**Your task**
Return the full listing character for character, without its pictures.
-----
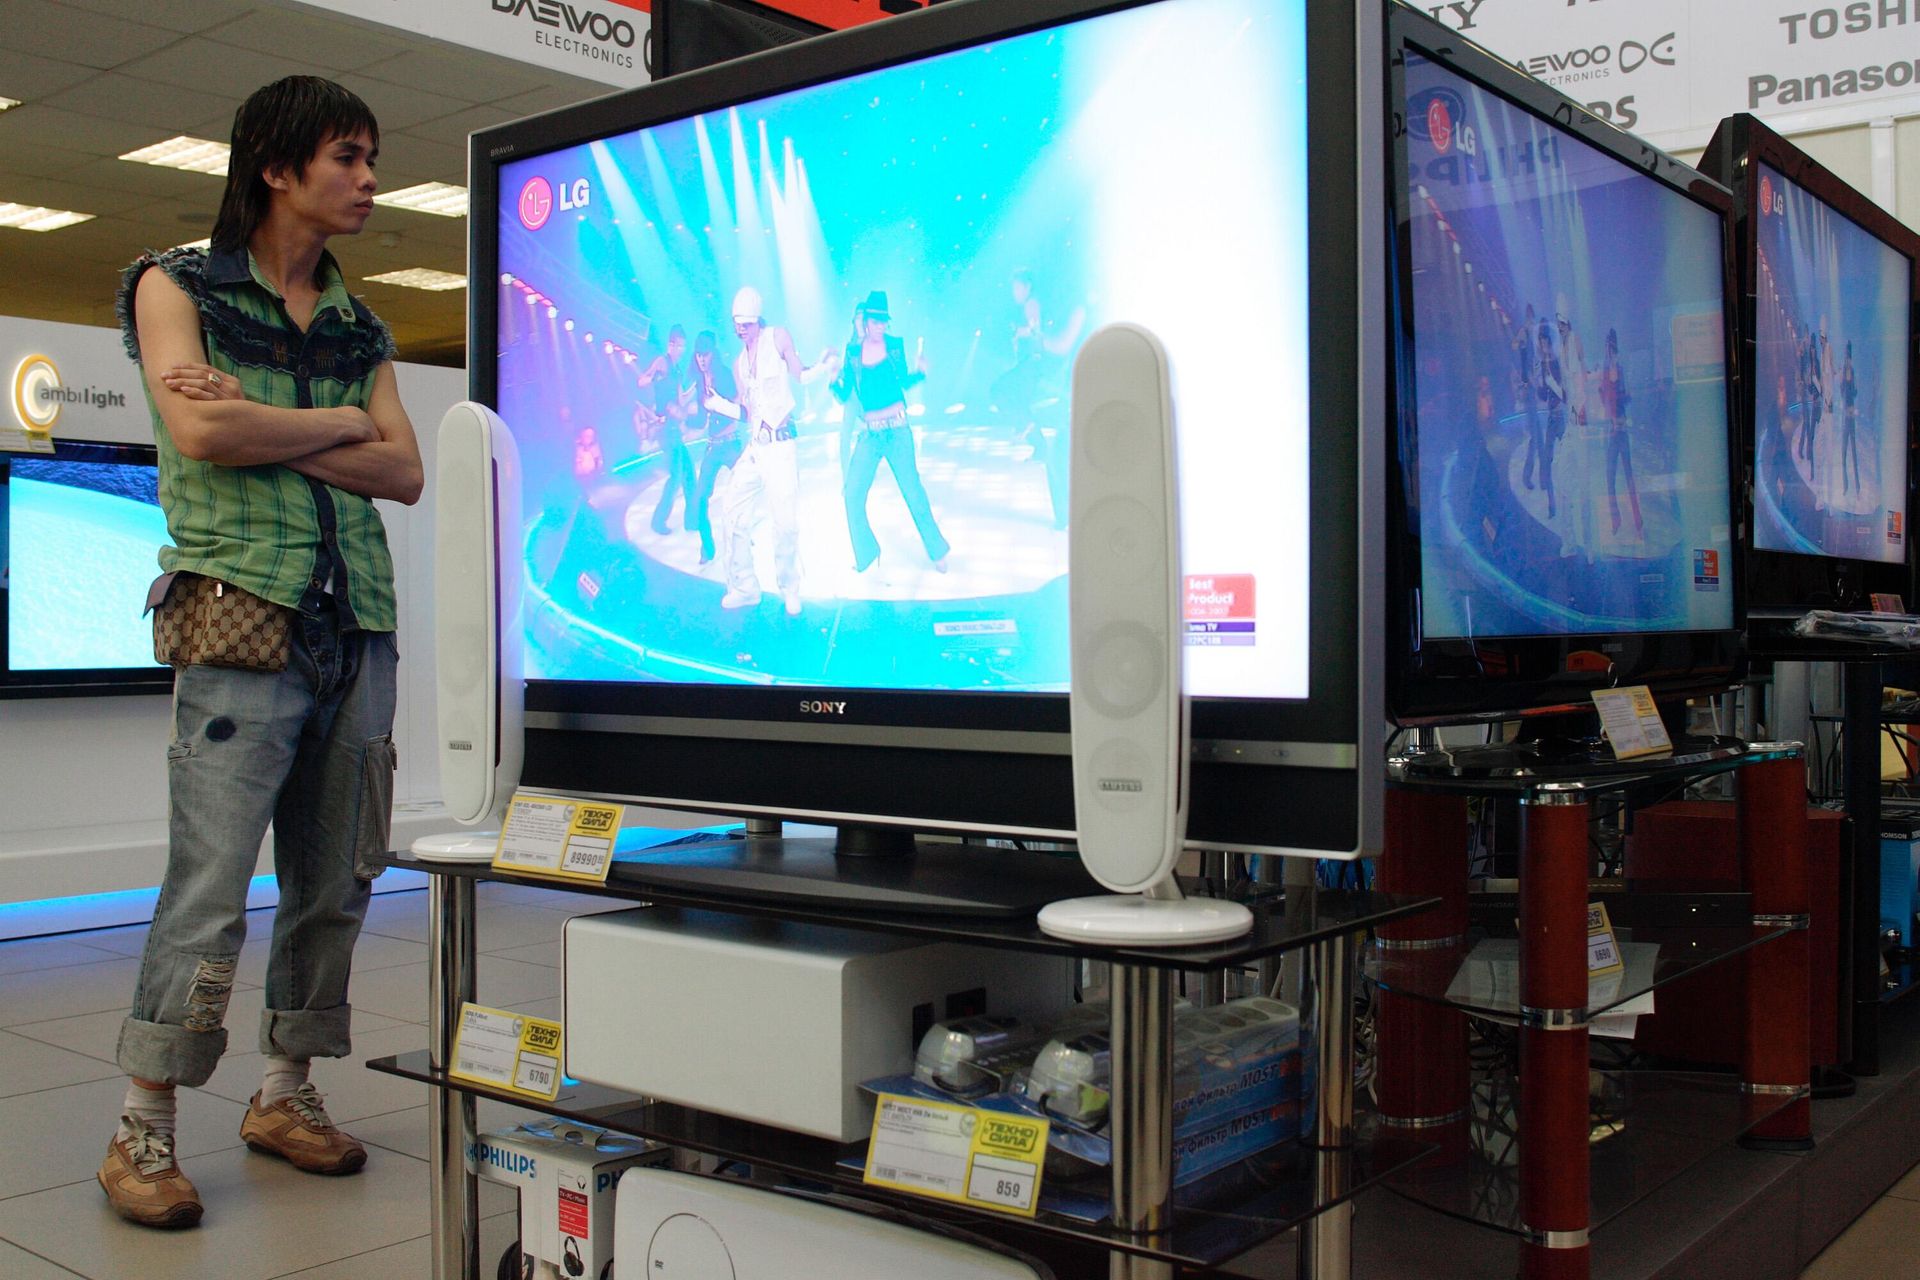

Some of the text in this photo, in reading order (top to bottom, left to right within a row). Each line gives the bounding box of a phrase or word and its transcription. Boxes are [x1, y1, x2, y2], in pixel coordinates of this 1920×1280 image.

[535, 30, 633, 69] ELECTRONICS
[1515, 45, 1611, 77] AEWOO
[1543, 67, 1611, 86] CTRONICS
[1748, 59, 1920, 110] Panaso
[1455, 121, 1476, 156] LG
[490, 144, 515, 157] BRAVIA
[559, 178, 590, 212] LG
[1772, 190, 1784, 216] LG
[40, 385, 126, 409] ambilight
[799, 700, 847, 715] SONY
[1880, 831, 1908, 840] HOMSON
[530, 1025, 558, 1038] ТЕХНО
[988, 1120, 1034, 1138] ТЕХНО
[988, 1133, 1029, 1149] СИЛА
[480, 1142, 537, 1179] PHILIPS
[996, 1179, 1021, 1199] 859
-----
**Completed exercise**
Some of the text in this photo, in reading order (top to bottom, left to right within a row). Each line gives the bounding box of a phrase or word and its transcription. Boxes are [x1, y1, x2, y2], in pixel coordinates of this 1920×1280 image.

[535, 30, 633, 69] ELECTRONICS
[1515, 45, 1611, 77] AEWOO
[1543, 67, 1611, 86] CTRONICS
[1748, 59, 1920, 110] Panaso
[1455, 121, 1476, 156] LG
[490, 144, 515, 157] BRAVIA
[559, 178, 590, 212] LG
[1772, 190, 1784, 216] LG
[40, 385, 126, 409] ambilight
[799, 700, 847, 715] SONY
[1880, 831, 1908, 840] HOMSON
[530, 1025, 558, 1038] ТЕХНО
[988, 1120, 1034, 1138] ТЕХНО
[988, 1133, 1029, 1149] СИЛА
[480, 1142, 537, 1179] PHILIPS
[996, 1179, 1021, 1199] 859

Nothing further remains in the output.